CRA based on the Cariogram
In this study, data from the questionnaire, history, laboratory and caries data were evaluated and entered into the Cariogram model, except for dietary content where only the lactobacillus score were used [8]. The Cariogram was used in standard setting without altering the “clinical judgement”. Information included scoring of caries experience, DMFT, DS and combining DS and incipient lesions; general disease, conditions and medications associated with dental caries; dietary content based on lactobacillus test count; dietary intake frequency based on estimation of number of meals and snacks per day; plaque amount; mutans streptococci colonization using the Strip mutans test; fluoride programme based on fluoride exposure; saliva secretion using paraffin-stimulated secretion rate; saliva buffering capacity using the Dentobuff test. The intake frequency of diet, soft drinks and fruits was compiled from self-reports.
Statistical methods
Eleven variables from the questionnaire and history, related to caries and patients self-assessment of future treatment need were extracted for further analyses.

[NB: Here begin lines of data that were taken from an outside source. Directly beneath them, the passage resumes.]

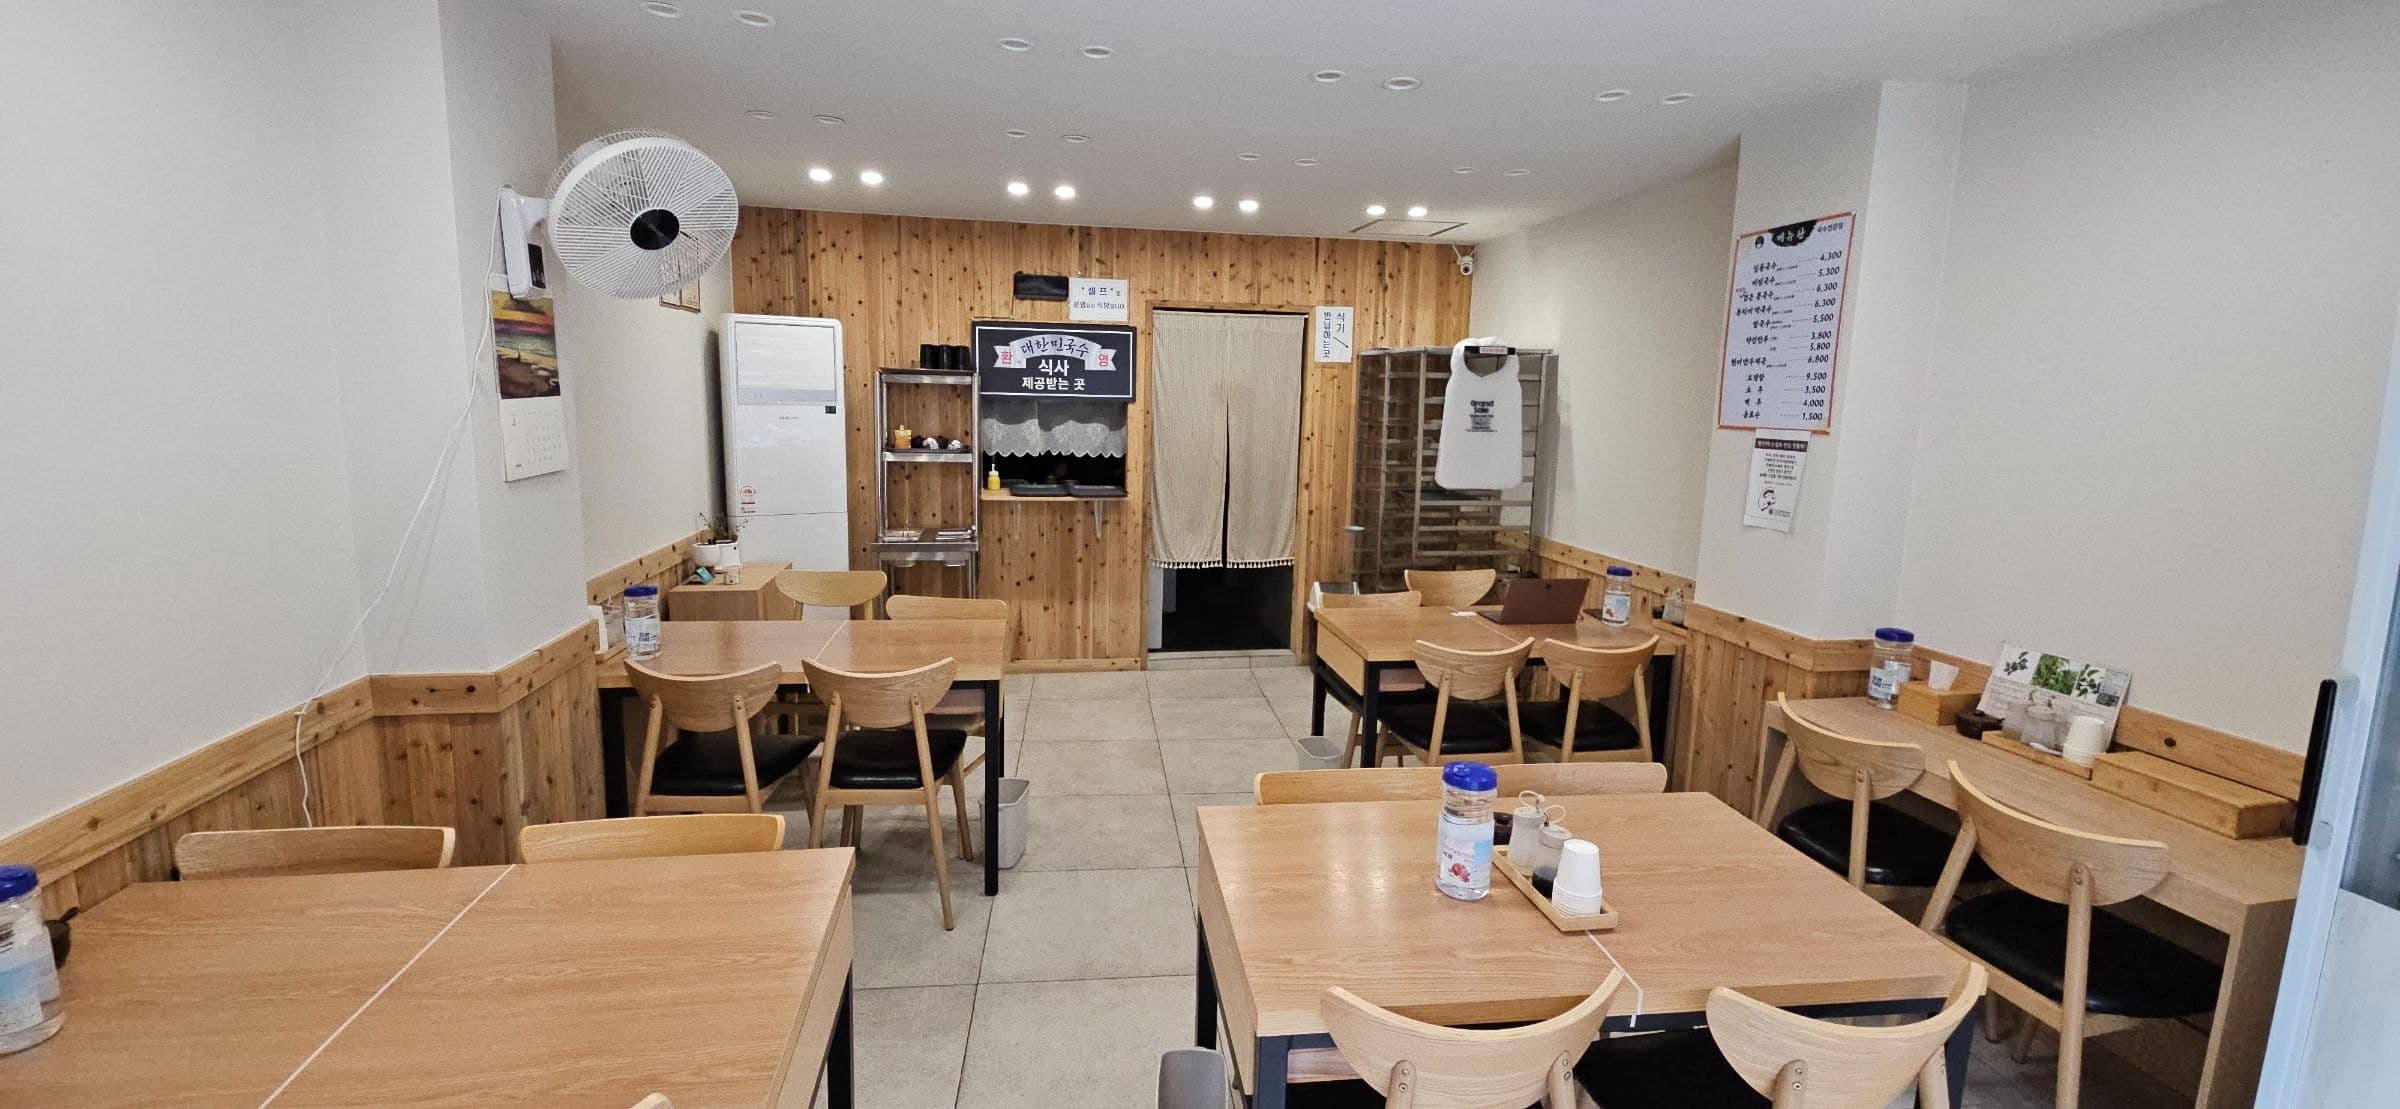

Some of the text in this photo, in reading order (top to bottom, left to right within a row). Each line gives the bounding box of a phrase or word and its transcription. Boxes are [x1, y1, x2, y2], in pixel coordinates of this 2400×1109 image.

[1820, 250, 1842, 261] 4,300
[1818, 266, 1840, 277] 5,300
[1816, 282, 1838, 293] 6,300
[1814, 298, 1836, 308] 6,300
[1335, 312, 1345, 334] 식기
[1812, 313, 1834, 323] 5,500
[1810, 330, 1832, 340] 3,800
[1020, 336, 1089, 357] 대한민국수
[1809, 342, 1831, 351] 5,800
[1807, 354, 1829, 364] 6,800
[1038, 359, 1070, 376] 식사
[1805, 372, 1828, 381] 9,500
[1021, 376, 1085, 391] 제공받는 곳
[1804, 385, 1826, 394] 3,500
[1802, 399, 1825, 408] 4,000
[1801, 412, 1823, 421] 1,500

The Pearson Chi-2 test was used to test the relation between risk assessment based on clinical judgement and CRA using the Cariogram. The same test was used to test the relation between patient’s own perceptions of future oral treatment need with the sum of examiners risk score based on clinical judgement.
The relation between CRA (scored as 0 = low-moderate and 1 = high) and clinical variables were analysed using a logistic regression. A significance level of 5 % was used in all tests. Statistical calculations were performed in the Statistical Package for the Social Science (SPSS for Windows, version 21, Chicago Ill., USA).